Meritxell Negre (17 February 1971 – 21 January 2020) was a Spanish singer-songwriter who was the sixth "Peaches" of international R&B/pop duo Peaches and Herb. Negre was born in Barcelona, Spain. She was the lead singer in Barcelona's The Sutton Club Orchestra and was a runner up in the hit TV talent show El Trampolin (Telecinco), Spain's equivalent of Star Search.

In 1996 Negre signed a publishing and production contract with EMI Publishing, Inc. She recorded her first solo album in 2004, The Meritxell Project/El Proyecto Meritxell. The album, which holds the same title as Negre's band, was co-written and produced with popular bassist/producer Gary Grainger. The album incorporates a bilingual mixture of R&B, Latin grooves and Jazzy ballads.

==Fame==

In 2008 Negre was heard doing session work by Fame, who was looking for the next singer to collaborate with as "Peaches." She officially became the first-ever non-African American Peaches and third recording artist since 1983 to co-record with Fame a Peaches and Herb album. The duo's latest album, Colors Of Love (Imagen Records), features Negre's powerful alto-soprano voice and range.

==Philanthropy==

Negre did her share of philanthropic work. She performed for the New Mexico Barack Obama Inaugural Party and as musical entertainer and spokesperson for the Pennington Empowerment Foundation I LOVE YOU, ME! Women's Empowerment Conference. She also sang the theme song and made public service announcements for the elderly for non-profit newspaper, Street Sense.

==Later career==

On 13 February 2010 Negre parted from Peaches and Herb after KLUC's fourth Annual Valentine's Love Affair at the Orleans Arena, Las Vegas.

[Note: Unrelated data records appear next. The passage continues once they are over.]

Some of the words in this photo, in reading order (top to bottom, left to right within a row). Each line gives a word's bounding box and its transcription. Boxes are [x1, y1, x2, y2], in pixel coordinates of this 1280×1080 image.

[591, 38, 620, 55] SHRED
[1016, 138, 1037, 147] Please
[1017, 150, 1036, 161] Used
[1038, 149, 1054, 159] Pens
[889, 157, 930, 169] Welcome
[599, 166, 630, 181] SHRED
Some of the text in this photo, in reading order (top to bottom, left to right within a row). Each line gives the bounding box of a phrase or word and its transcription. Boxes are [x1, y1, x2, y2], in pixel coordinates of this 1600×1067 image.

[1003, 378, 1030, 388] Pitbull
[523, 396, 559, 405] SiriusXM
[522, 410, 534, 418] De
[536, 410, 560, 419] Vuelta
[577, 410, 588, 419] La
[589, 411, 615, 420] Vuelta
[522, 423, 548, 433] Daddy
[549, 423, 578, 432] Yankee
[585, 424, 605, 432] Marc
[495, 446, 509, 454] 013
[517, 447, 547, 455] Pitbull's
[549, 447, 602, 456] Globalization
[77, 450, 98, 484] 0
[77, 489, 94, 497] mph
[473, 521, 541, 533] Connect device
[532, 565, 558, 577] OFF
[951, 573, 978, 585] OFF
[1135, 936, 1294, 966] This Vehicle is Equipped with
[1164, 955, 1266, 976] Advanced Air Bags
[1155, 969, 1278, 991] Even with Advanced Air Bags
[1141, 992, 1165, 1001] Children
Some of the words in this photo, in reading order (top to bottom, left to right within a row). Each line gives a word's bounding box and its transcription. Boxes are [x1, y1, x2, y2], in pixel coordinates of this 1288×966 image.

At the concert the duo performed various hits, including "Reunited," “Shake Your Groove Thing," and "I Pledge My Love." Post Peaches & Herb, Negre relocated from Washington D.C. to Los Angeles to concentrate on various music projects. She continued doing sessions, movie soundtracks, and wrote and recorded the commercial jingle for national debt relief company, DebtFreeLeague.com. She also toured independently as the "Latin Queen Of Soul" and managed her own variety band, Rhythm Rapture Band.

In 2010 Negre founded Silly Dog Entertainment. The live music and entertainment agency books variety bands, musicians, and specialty acts for corporate events, weddings, and private parties.

==Death==

On 21 January 2020, her record label Gestmusic Endemol announced that Negre died after a long battle with cancer.